Les indignés

Des millions de personnes ont manifesté samedi dernier dans près de mille villes à travers les continents à propos des conditions de vie que les politiciens et le monde des affaires proposent pour demain.

Il y a un ras-le-bol toujours plus fort qui se dégage des populations. On ne veut plus d’une pratique qui favorise le capital au détriment de ceux qui gagnent laborieusement leur pain. C’est bien normal. Jusqu’à peu, chacun y trouvait son compte. Ce n’est plus le cas aujourd’hui et la jeunesse a raison de s’insurger face à cette dérive. Elle est la première victime de ces options. Elle ne veut pas d’un retour au féodalisme qui voyait les seigneurs profiter des serfs. La comparaison est certes rude mais n’empêche que cela y ressemble un peu.

L’humanisme est en train de se dissiper, C’est du chacun pour soi et tant pis pour les autres. Cet égoïsme est détestable. Faut-il donc que la rue le dise haut et fort pour que les dirigeants en prennent enfin conscience? On en doute mais ces manifestations sont un avertissement clair.
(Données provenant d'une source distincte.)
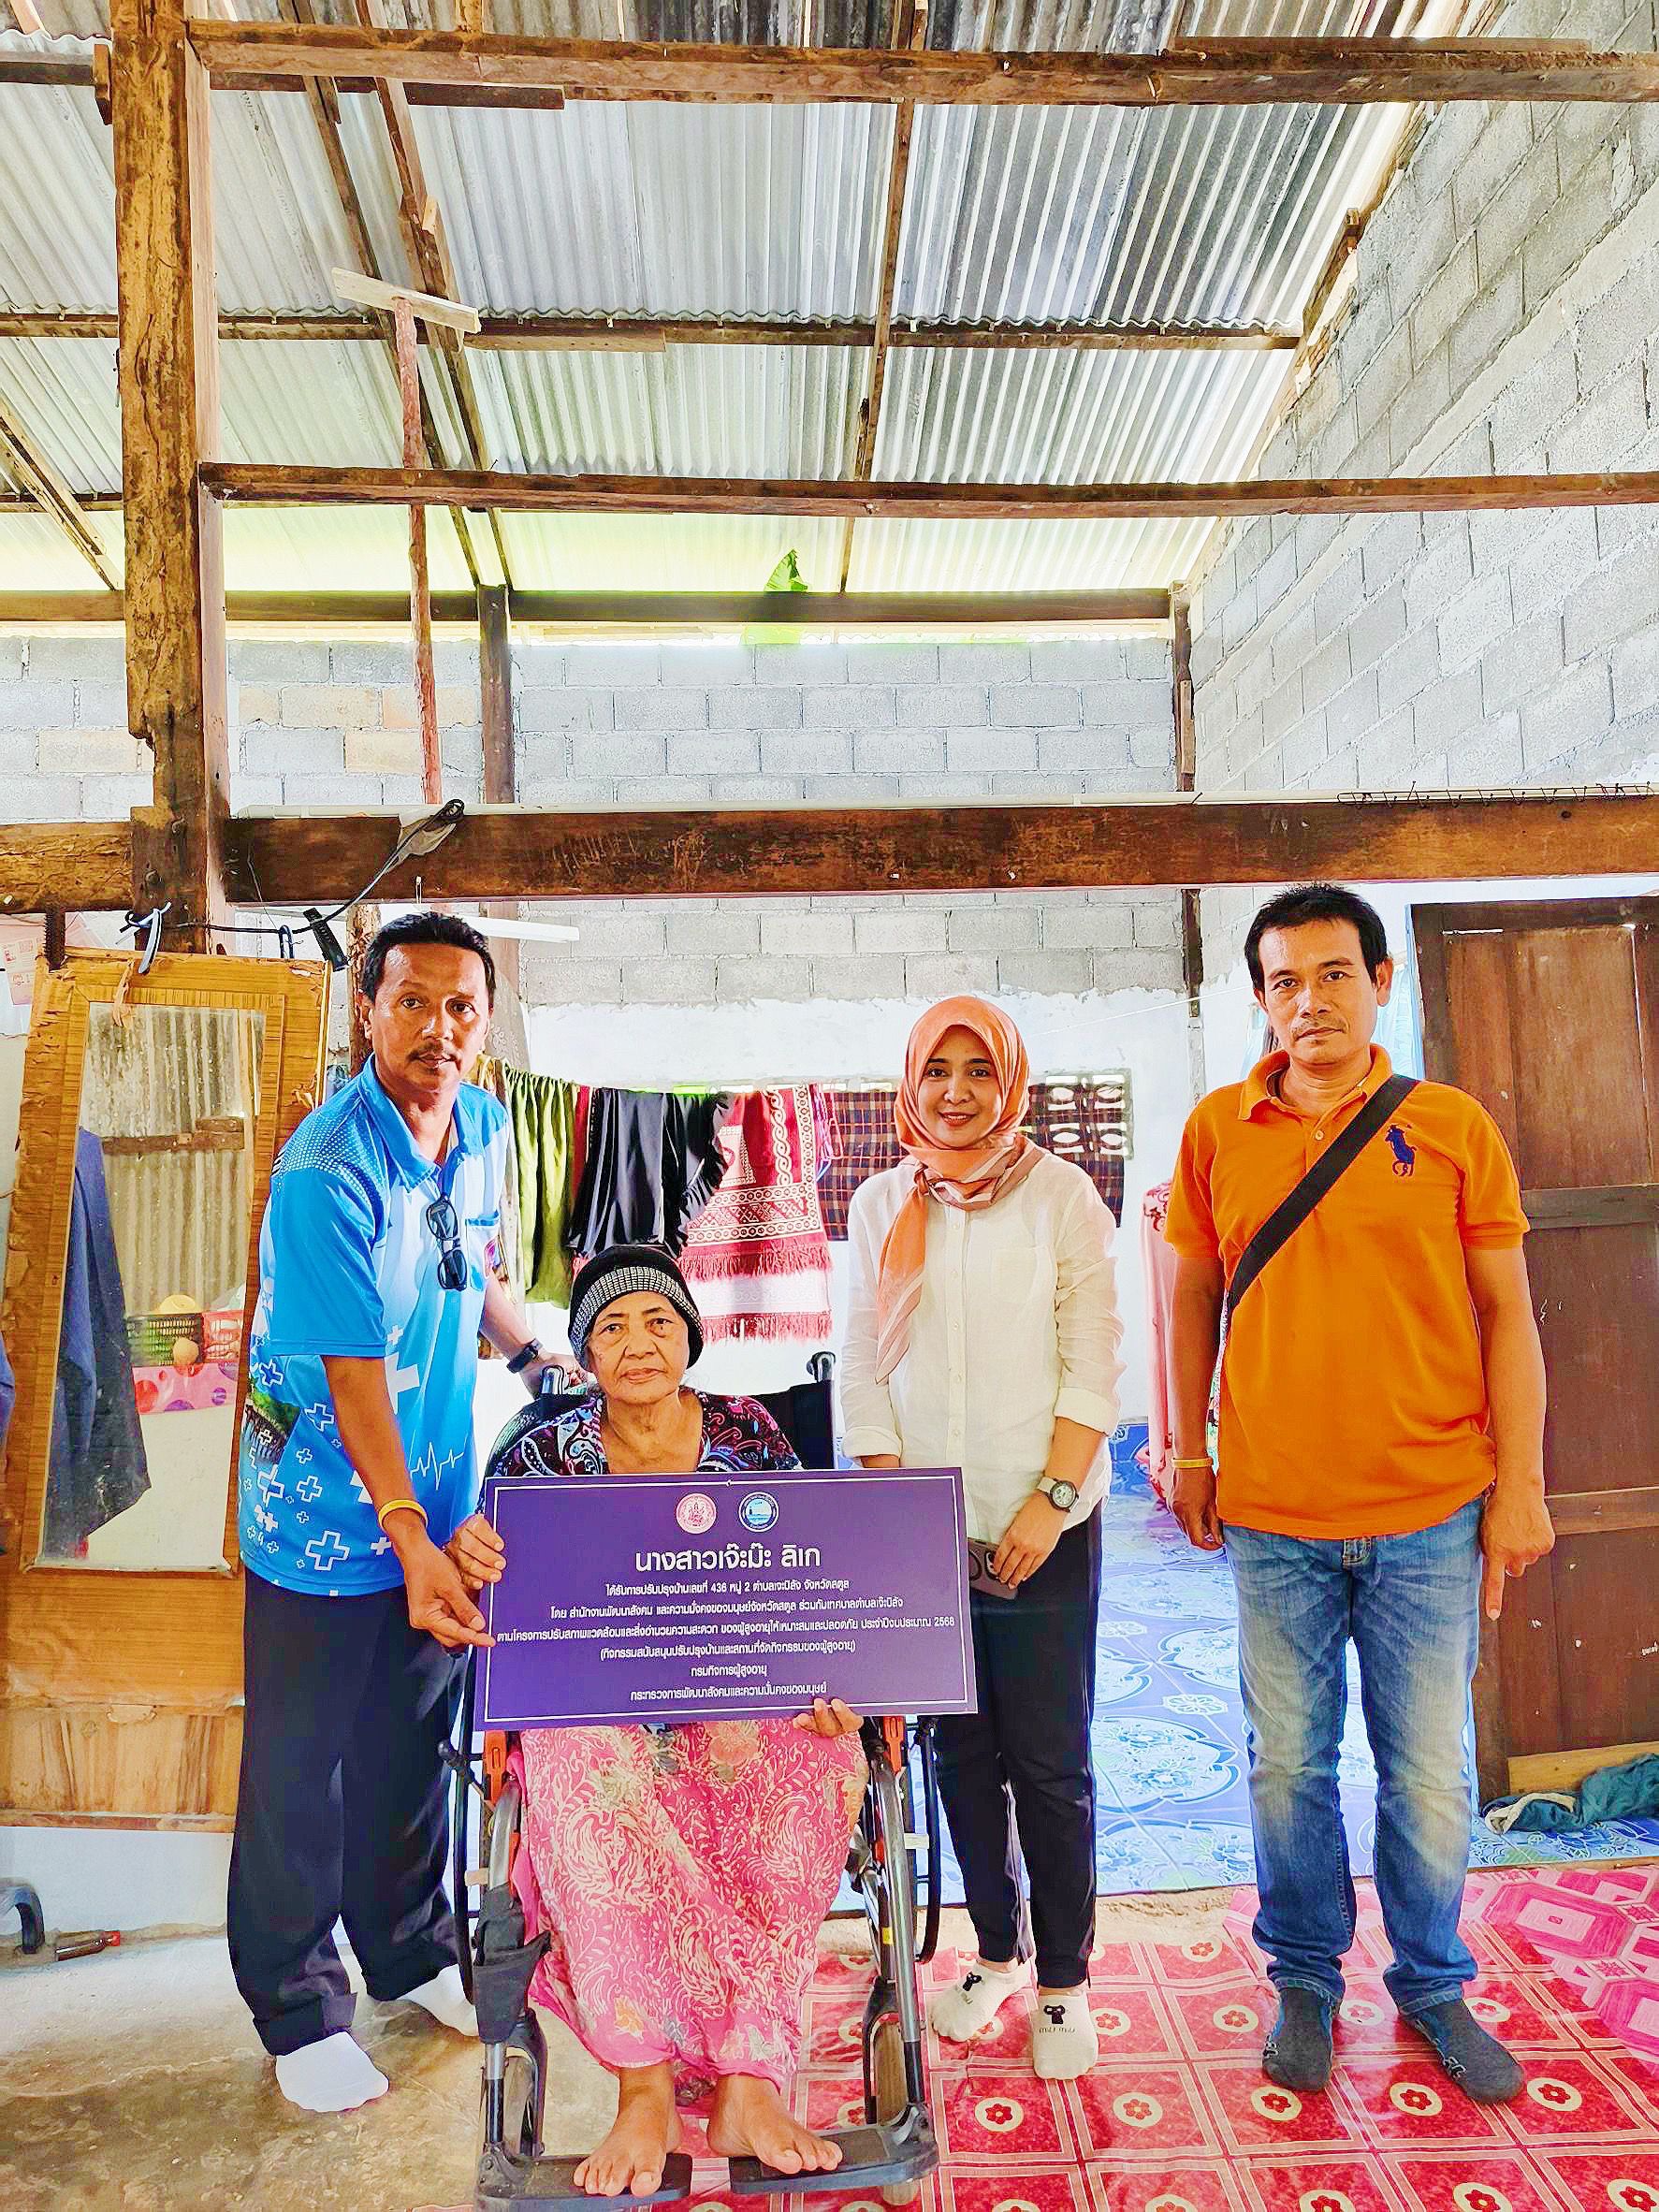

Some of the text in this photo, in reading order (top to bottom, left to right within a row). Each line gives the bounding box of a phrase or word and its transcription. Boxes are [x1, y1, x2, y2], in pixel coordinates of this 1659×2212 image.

On ne veut plus de cette politique qui divise la société entre riches et pauvres. Il est temps que cela change. Sans quoi nous allons au-devant d’une crise sociale grave. On se souvient aussi que lors des siècles précédents, des situations similaires ont débouché sur des conflits importants.

En Suisse, on est encore dans l’acceptable. Jusqu’à quand? Chacun de se plaindre de l’augmentation de la charge sociale dans un pays parfois encore très généreux. Mais pourra-t-on encore longtemps soutenir les plus mal lotis?

On peut en douter et c’est la raison pour laquelle il est nécessaire de changer le cap. Afin que le fric ne soit pas le nerf de la vie mais que le respect de son prochain demeure un souci perpétuel.